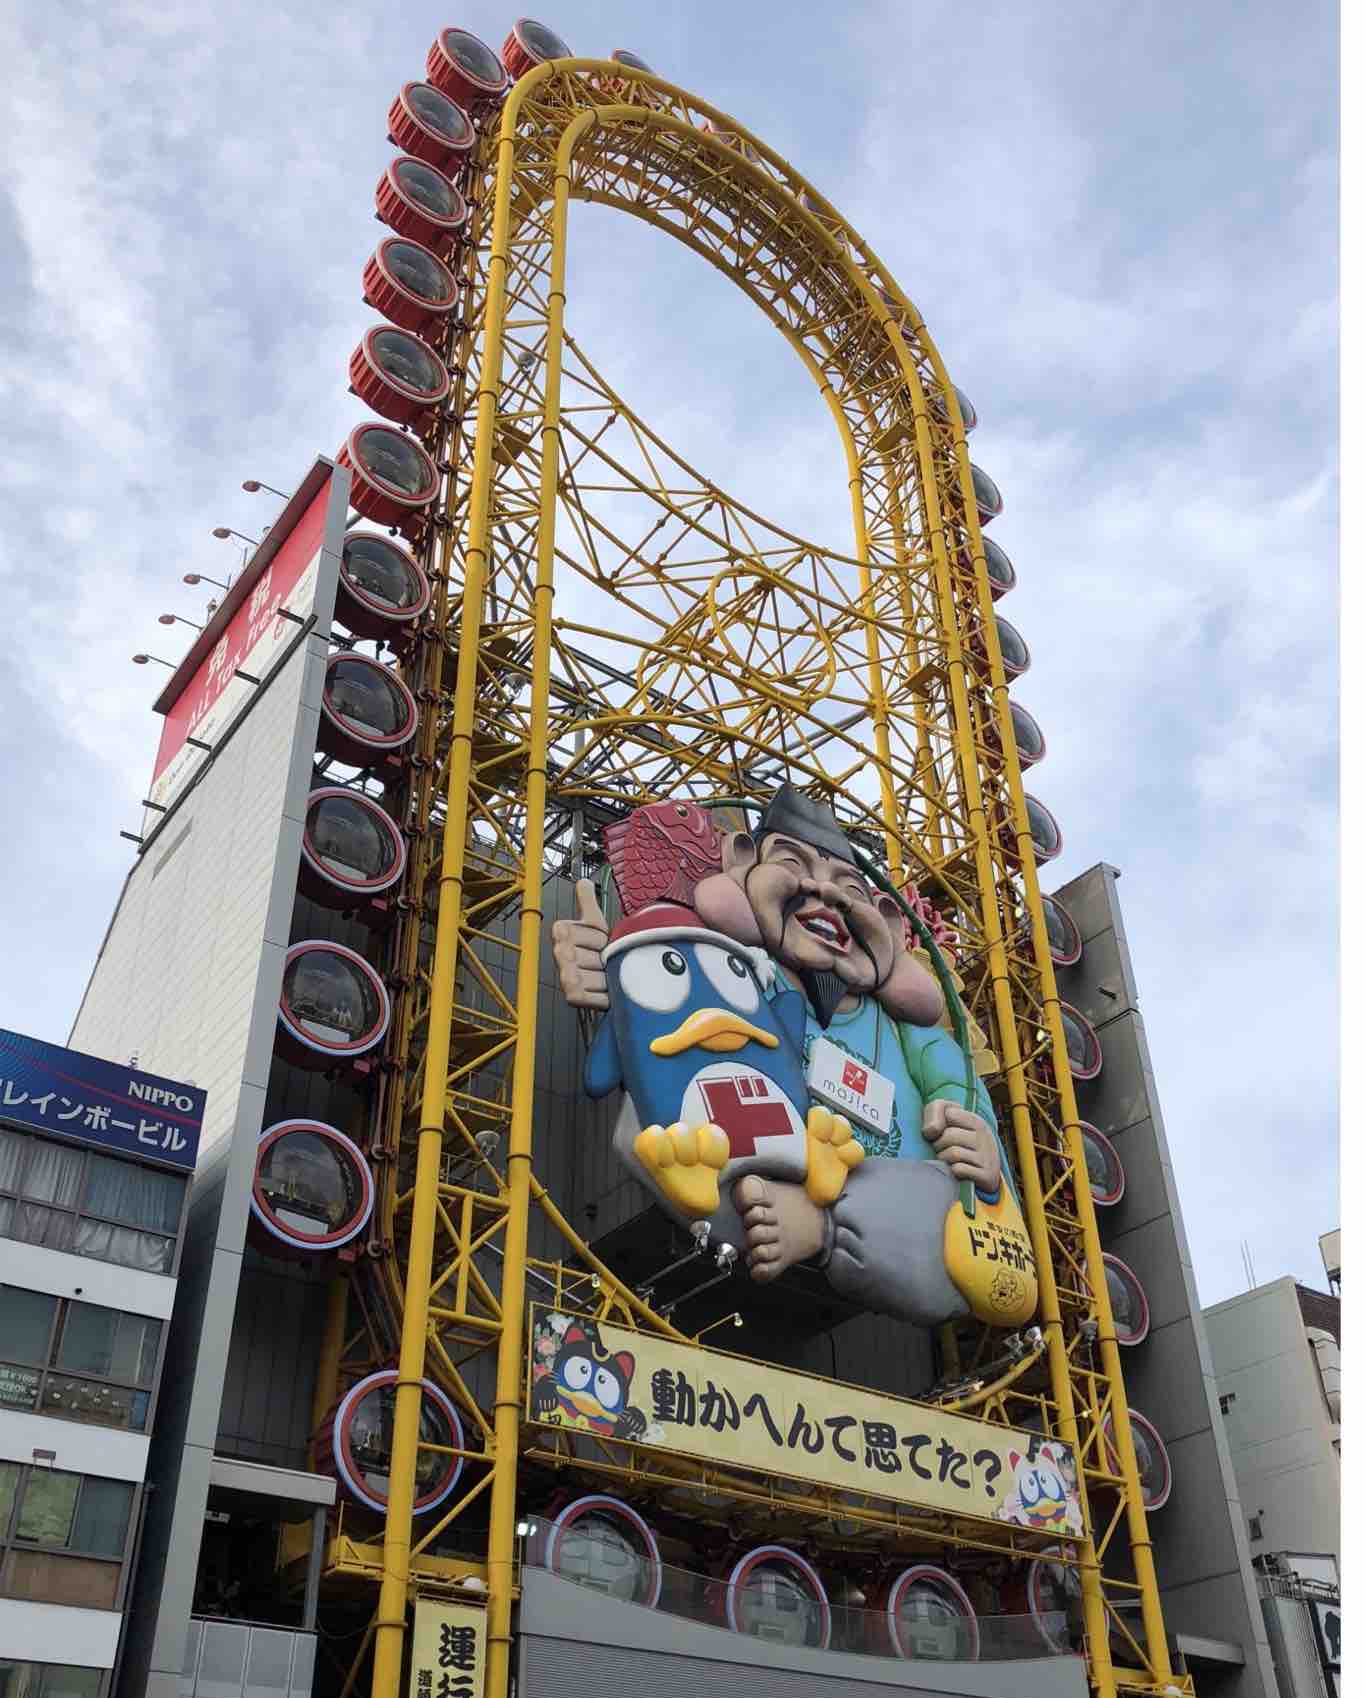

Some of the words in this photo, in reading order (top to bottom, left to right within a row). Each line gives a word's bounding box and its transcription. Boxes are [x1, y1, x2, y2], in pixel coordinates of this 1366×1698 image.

[0, 1078, 188, 1152] レインボービル
[128, 1080, 194, 1113] NIPPO
[823, 1078, 880, 1121] majica
[649, 1367, 1002, 1497] 動かへんて思てた?
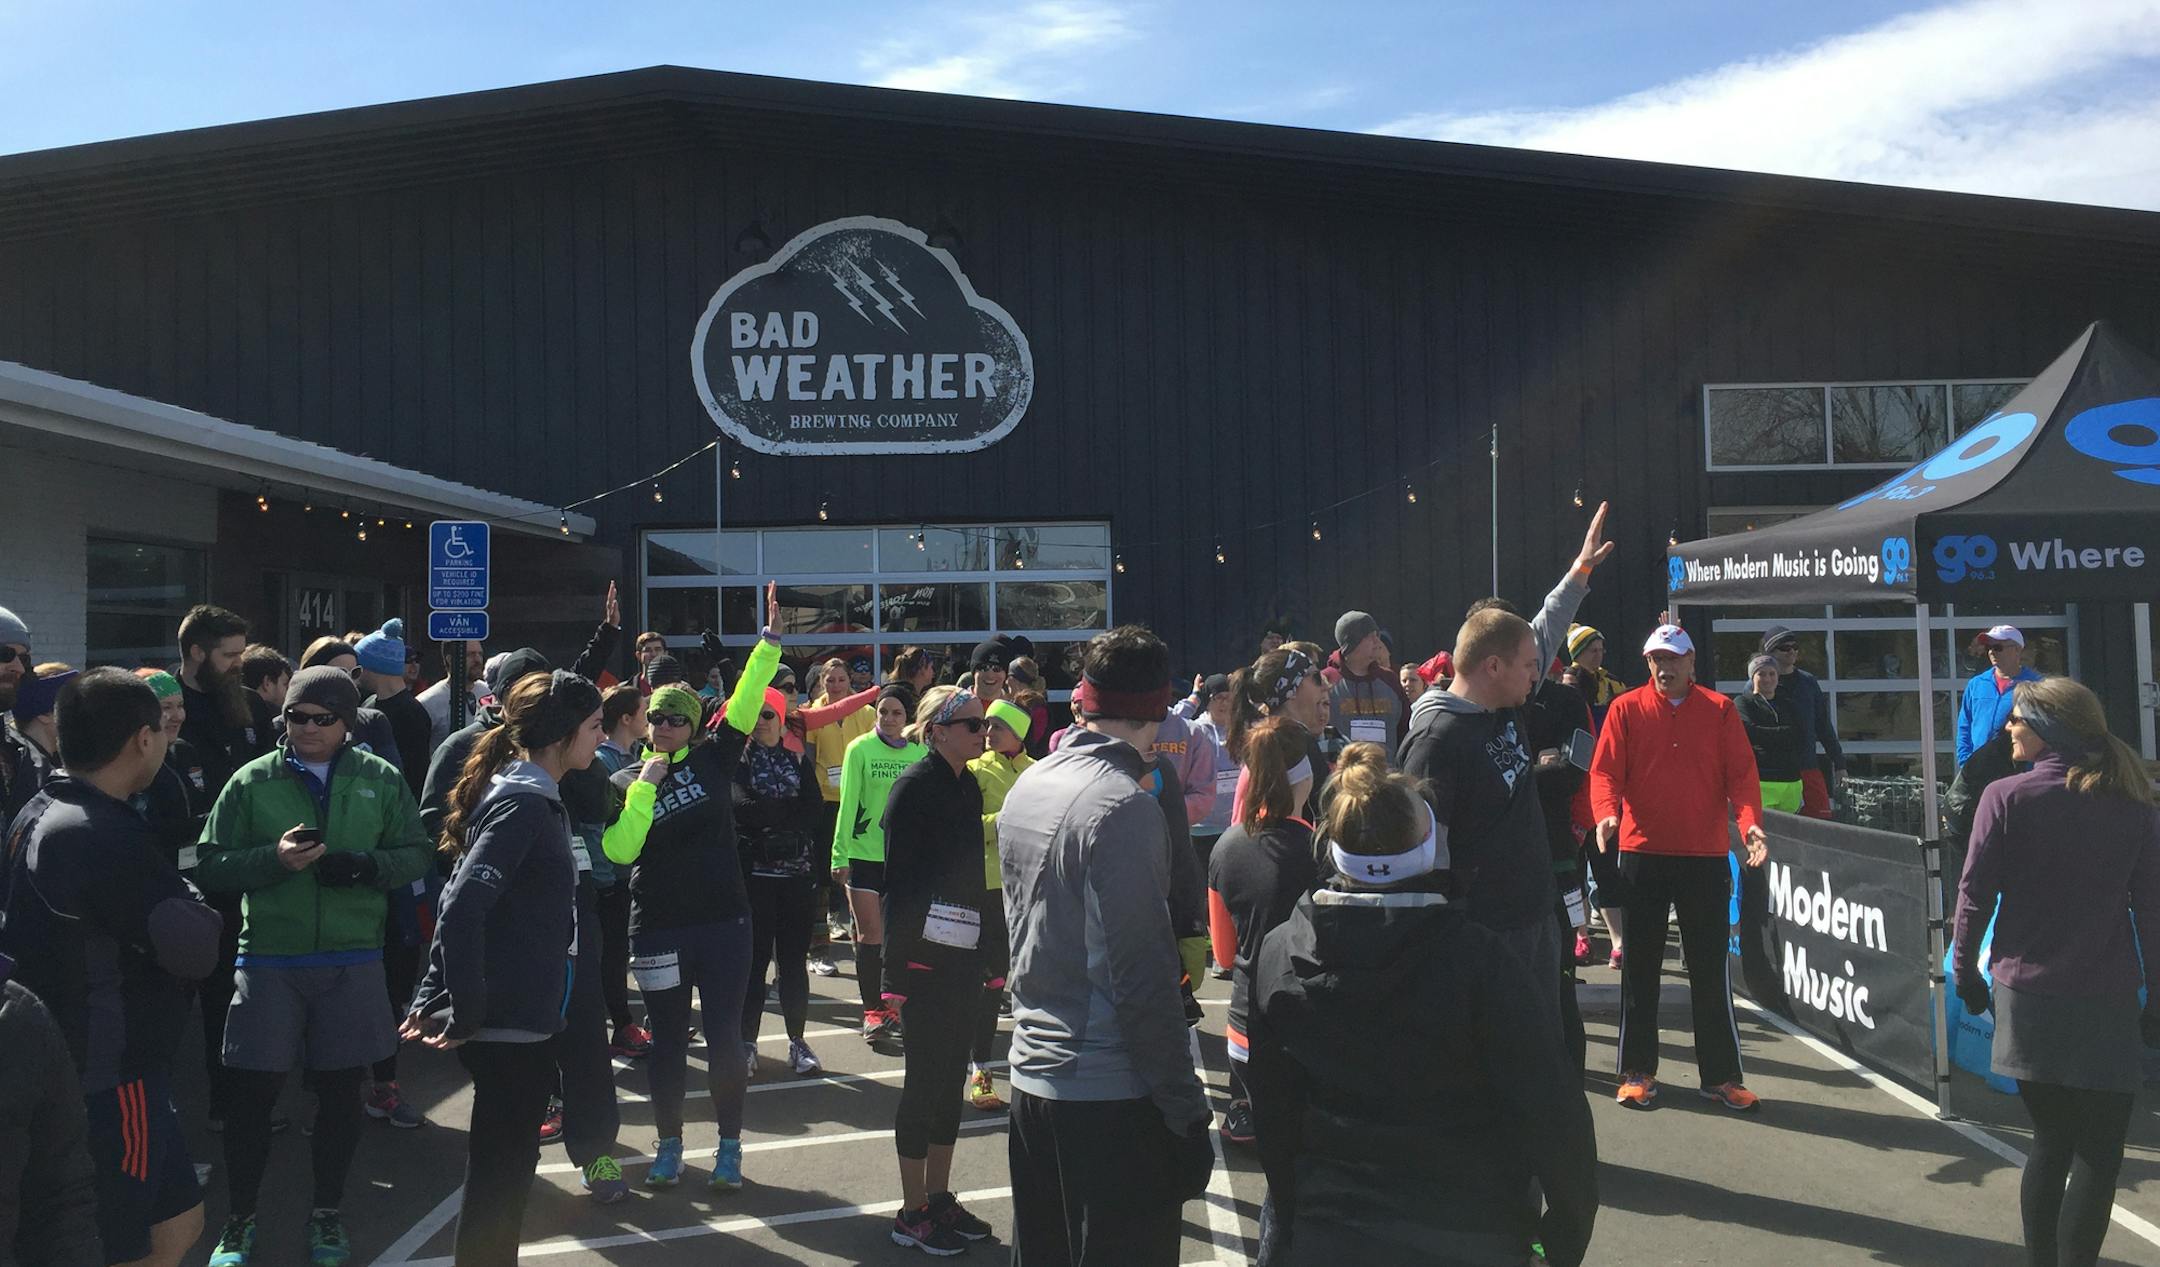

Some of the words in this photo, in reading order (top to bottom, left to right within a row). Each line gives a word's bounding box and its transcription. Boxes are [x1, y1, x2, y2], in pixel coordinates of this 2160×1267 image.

[731, 312, 819, 349] BAD
[732, 353, 998, 401] WEATHER
[790, 414, 871, 429] BREWING
[877, 413, 959, 428] COMPANY
[1685, 558, 1721, 582] Where
[1724, 553, 1768, 580] Modern
[1772, 550, 1810, 577] Music
[1814, 549, 1827, 577] is
[1831, 546, 1879, 583] Going
[1882, 537, 1910, 585] go
[1932, 534, 1998, 583] go
[2008, 538, 2145, 570] Where
[1970, 571, 1996, 580] 96.3
[300, 591, 335, 628] 414
[449, 617, 470, 626] VAN
[1769, 861, 1887, 952] Modern
[1783, 941, 1875, 1029] Music
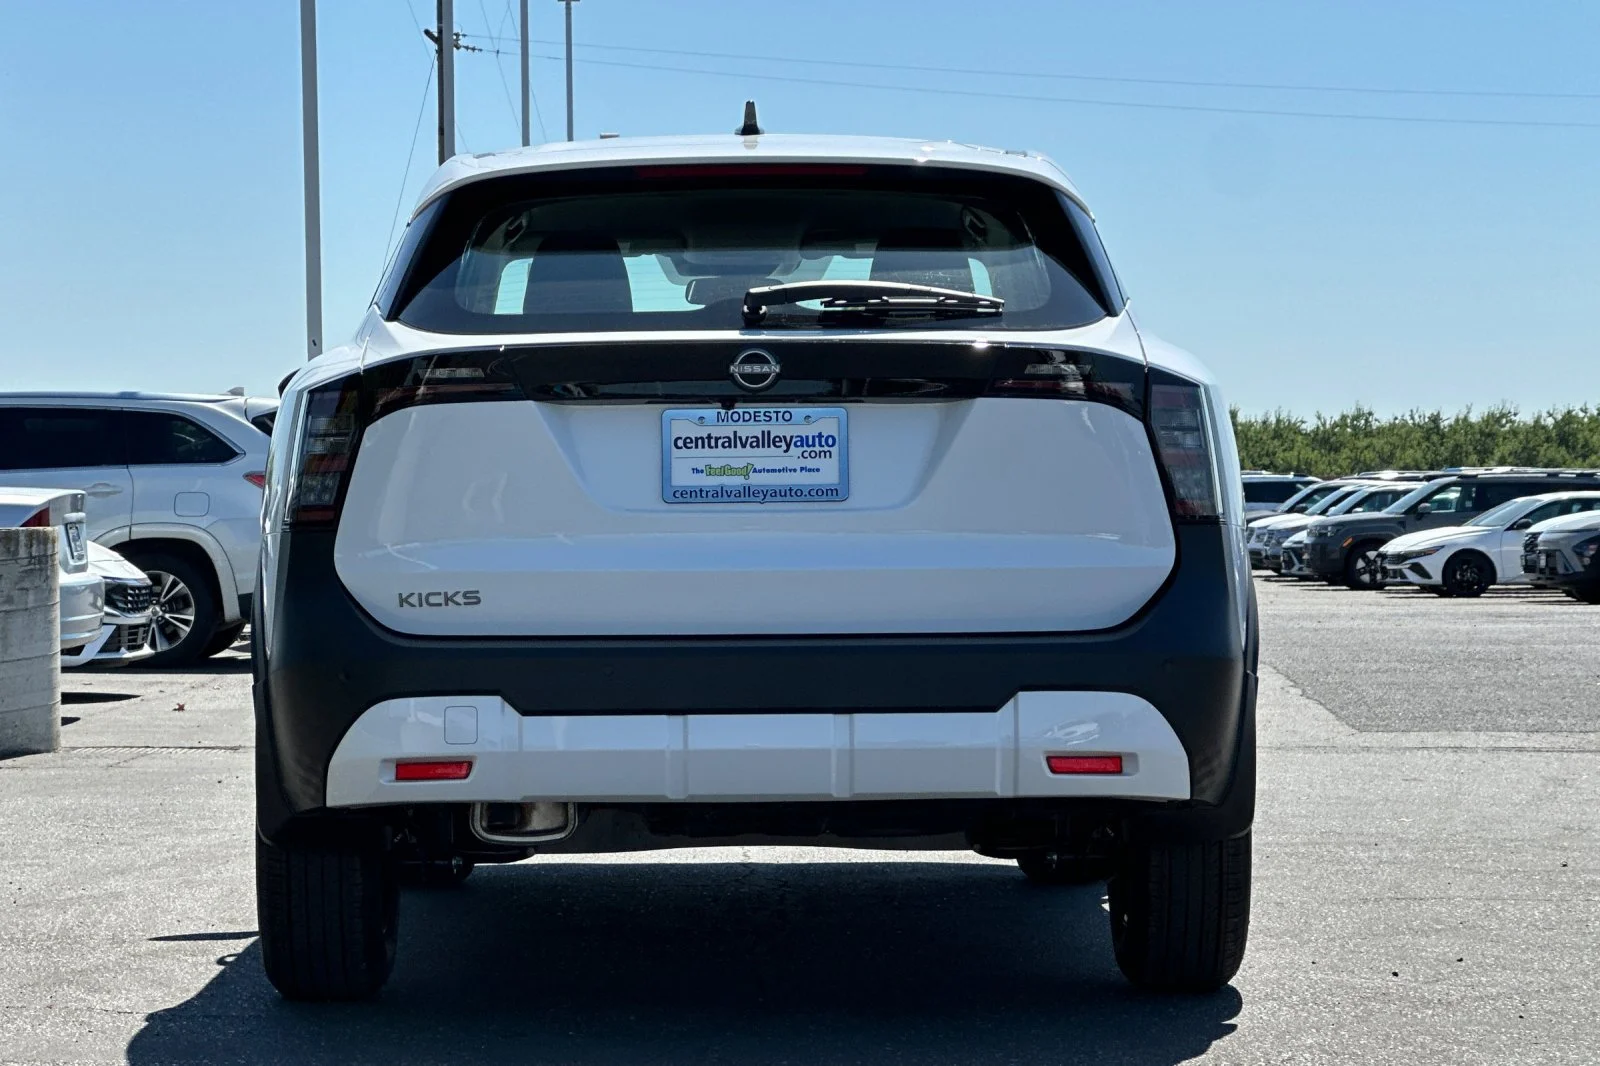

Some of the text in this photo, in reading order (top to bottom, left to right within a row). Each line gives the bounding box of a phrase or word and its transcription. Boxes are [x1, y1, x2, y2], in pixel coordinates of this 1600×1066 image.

[730, 365, 780, 373] NISSAN
[716, 410, 793, 423] MODESTO
[673, 430, 837, 453] centralvalleyauto
[797, 449, 832, 459] .com
[752, 466, 798, 474] Automotive
[672, 486, 839, 500] centralvalleyauto.com
[398, 590, 482, 608] KICKS
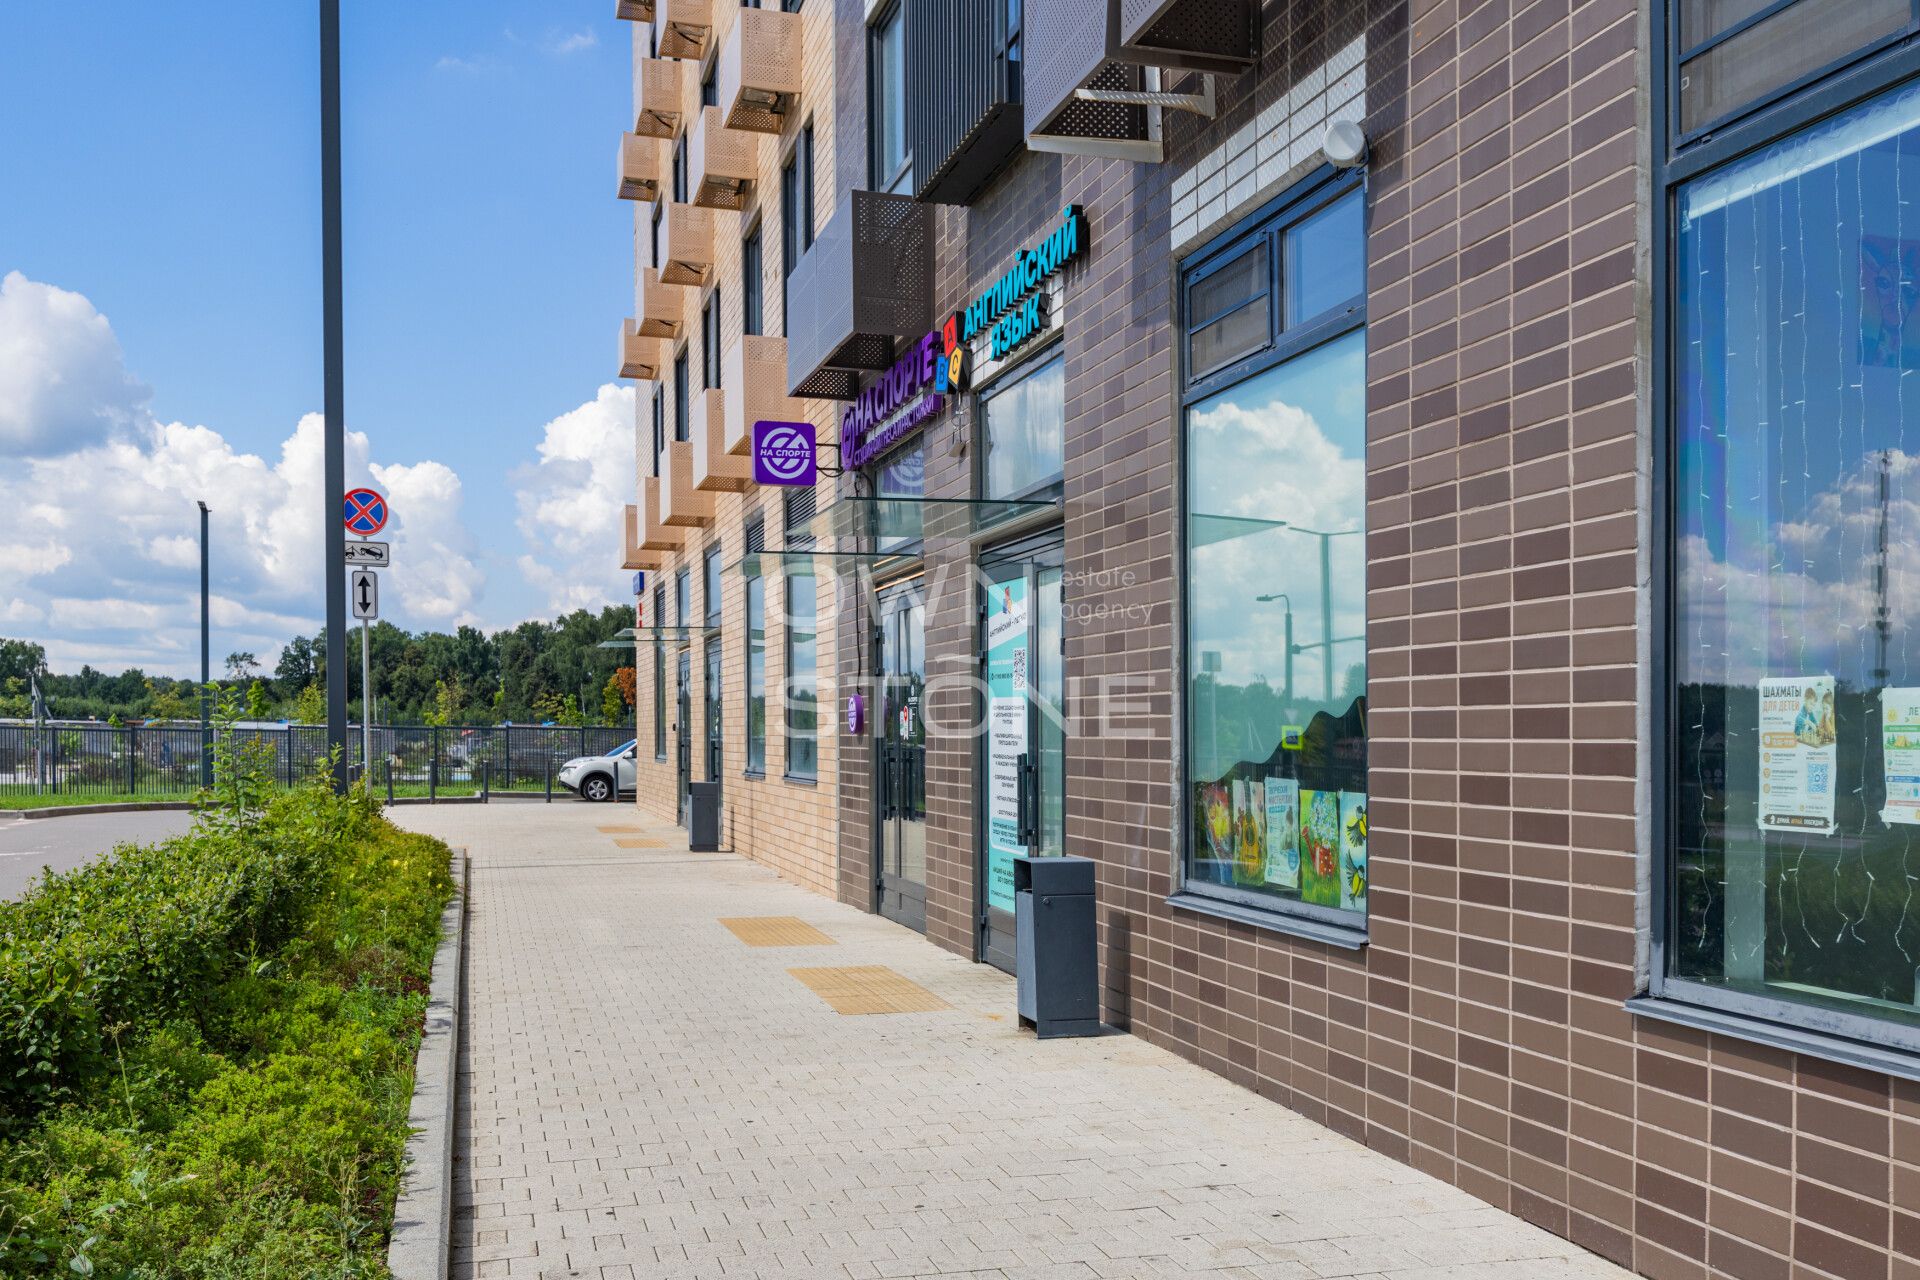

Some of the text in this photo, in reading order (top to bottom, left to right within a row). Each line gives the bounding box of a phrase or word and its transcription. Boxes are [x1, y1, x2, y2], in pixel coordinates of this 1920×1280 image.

> _Prompt_
What is needed is every record above, restated word for word, with the pictures left out.

> _Task result_
Some of the words in this photo, in reading order (top to bottom, left to right within a row). Each line gives a word's bounding box and its transcription. Boxes are [x1, y1, x2, y2], in pixel coordinates of this 1366×1698 image.

[0, 1078, 188, 1152] レインボービル
[128, 1080, 194, 1113] NIPPO
[823, 1078, 880, 1121] majica
[649, 1367, 1002, 1497] 動かへんて思てた?

Some of the words in this photo, in reading order (top to bottom, left to right within a row). Each line gives a word's bounding box and its transcription. Boxes are [x1, y1, x2, y2], in pixel coordinates of this 2160×1267 image.

[731, 312, 819, 349] BAD
[732, 353, 998, 401] WEATHER
[790, 414, 871, 429] BREWING
[877, 413, 959, 428] COMPANY
[1685, 558, 1721, 582] Where
[1724, 553, 1768, 580] Modern
[1772, 550, 1810, 577] Music
[1814, 549, 1827, 577] is
[1831, 546, 1879, 583] Going
[1882, 537, 1910, 585] go
[1932, 534, 1998, 583] go
[2008, 538, 2145, 570] Where
[1970, 571, 1996, 580] 96.3
[300, 591, 335, 628] 414
[449, 617, 470, 626] VAN
[1769, 861, 1887, 952] Modern
[1783, 941, 1875, 1029] Music

Some of the text in this photo, in reading order (top to bottom, left to right within a row). Each line gives the bounding box of a phrase or word and its transcription. Boxes are [x1, y1, x2, y2], in pixel coordinates of this 1600×1066 image.

[730, 365, 780, 373] NISSAN
[716, 410, 793, 423] MODESTO
[673, 430, 837, 453] centralvalleyauto
[797, 449, 832, 459] .com
[752, 466, 798, 474] Automotive
[672, 486, 839, 500] centralvalleyauto.com
[398, 590, 482, 608] KICKS

Some of the text in this photo, in reading order (top to bottom, left to right within a row). Each line gives the bounding box of a phrase or word and its transcription. Boxes are [x1, y1, x2, y2], in pixel coordinates of this 1920×1280 image.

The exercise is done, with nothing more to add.